_What this task involves:_ Write every line below out again, exactly as given, but leave out the pictures.

_Information:_

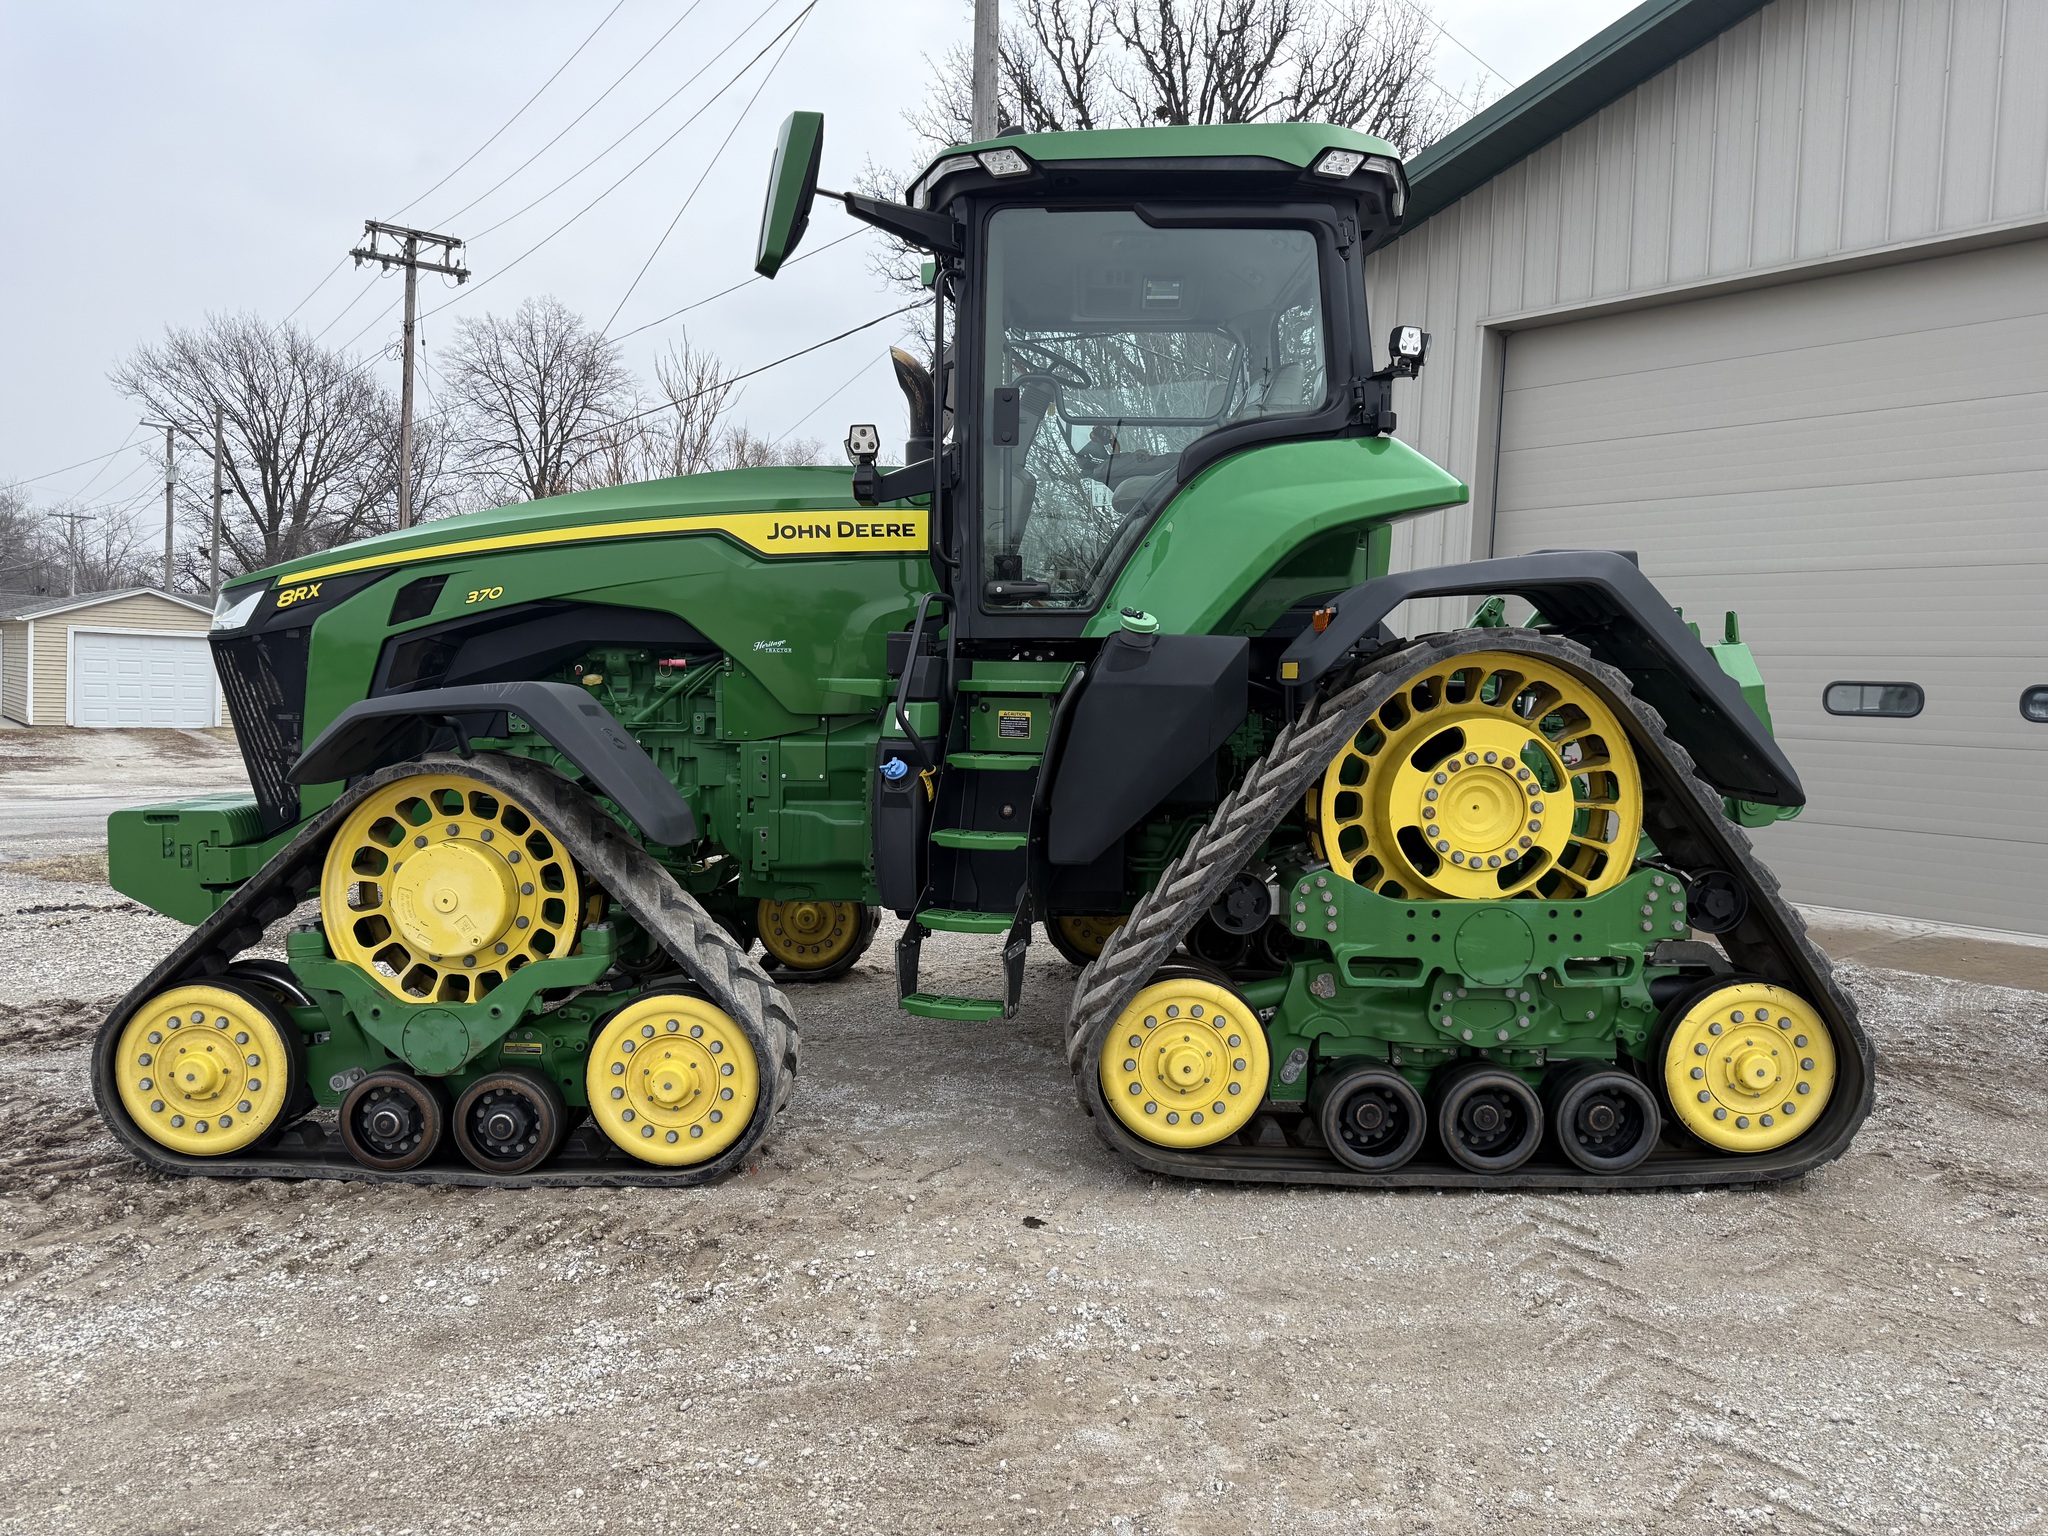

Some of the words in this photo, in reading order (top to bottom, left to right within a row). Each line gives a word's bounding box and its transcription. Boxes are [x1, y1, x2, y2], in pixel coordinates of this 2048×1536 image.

[766, 522, 831, 540] JOHN
[837, 521, 916, 538] DEERE
[276, 582, 323, 608] 8RX
[465, 586, 504, 604] 370
[753, 639, 787, 651] Heritage
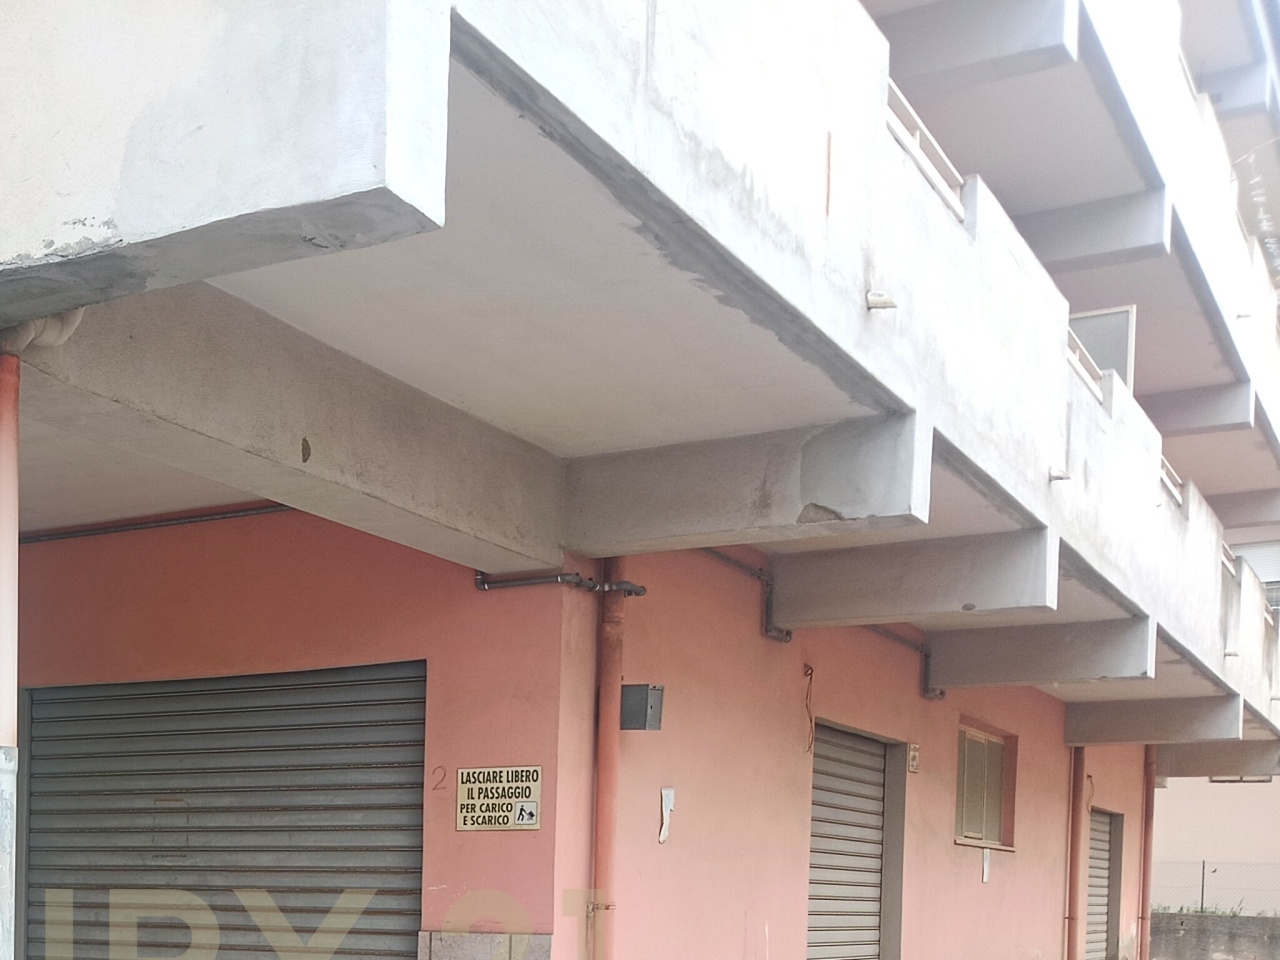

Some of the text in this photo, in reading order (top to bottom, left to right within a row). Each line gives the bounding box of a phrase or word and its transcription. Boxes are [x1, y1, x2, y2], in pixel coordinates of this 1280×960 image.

_Output below:_
Some of the words in this photo, in reading order (top to bottom, left to right within a row). Each line gives a word's bounding box and its transcription. Boxes are [x1, y1, x2, y2], in pixel coordinates of this 2048×1536 image.

[766, 522, 831, 540] JOHN
[837, 521, 916, 538] DEERE
[276, 582, 323, 608] 8RX
[465, 586, 504, 604] 370
[753, 639, 787, 651] Heritage

Some of the text in this photo, in reading order (top to bottom, left to right within a row). Each line gives the bounding box of a phrase or word and its transcription. Boxes are [x1, y1, x2, y2], in pixel coordinates of this 1280×960 image.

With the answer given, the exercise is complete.